= Beginning of Section =

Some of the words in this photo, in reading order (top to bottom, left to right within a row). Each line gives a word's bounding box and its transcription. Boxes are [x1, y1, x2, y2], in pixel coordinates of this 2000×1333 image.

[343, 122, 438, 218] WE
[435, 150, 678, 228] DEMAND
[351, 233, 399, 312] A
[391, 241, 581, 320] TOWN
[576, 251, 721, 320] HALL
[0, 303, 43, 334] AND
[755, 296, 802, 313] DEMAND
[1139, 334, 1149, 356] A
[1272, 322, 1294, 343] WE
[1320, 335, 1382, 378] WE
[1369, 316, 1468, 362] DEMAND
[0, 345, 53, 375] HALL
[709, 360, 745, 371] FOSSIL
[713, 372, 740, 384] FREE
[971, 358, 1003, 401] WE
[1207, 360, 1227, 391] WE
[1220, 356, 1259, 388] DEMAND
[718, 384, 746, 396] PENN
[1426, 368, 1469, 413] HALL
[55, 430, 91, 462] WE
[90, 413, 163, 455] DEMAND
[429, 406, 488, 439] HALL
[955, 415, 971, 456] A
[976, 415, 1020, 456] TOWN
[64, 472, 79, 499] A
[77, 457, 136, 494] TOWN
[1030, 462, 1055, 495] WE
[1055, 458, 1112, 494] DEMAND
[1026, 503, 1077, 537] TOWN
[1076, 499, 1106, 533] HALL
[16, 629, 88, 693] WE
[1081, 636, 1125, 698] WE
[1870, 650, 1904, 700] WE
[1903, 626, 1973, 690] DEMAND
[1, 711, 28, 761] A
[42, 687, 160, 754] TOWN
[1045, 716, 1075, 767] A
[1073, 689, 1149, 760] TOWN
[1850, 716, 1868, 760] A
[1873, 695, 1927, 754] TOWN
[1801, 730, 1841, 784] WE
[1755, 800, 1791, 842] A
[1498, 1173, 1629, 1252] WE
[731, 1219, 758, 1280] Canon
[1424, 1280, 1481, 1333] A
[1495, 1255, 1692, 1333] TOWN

= End of Section =

- _Exercise description_: For the word "DEMAND", say how many lines of the listing include it; give nothing but the number.

- _Solution below_: 7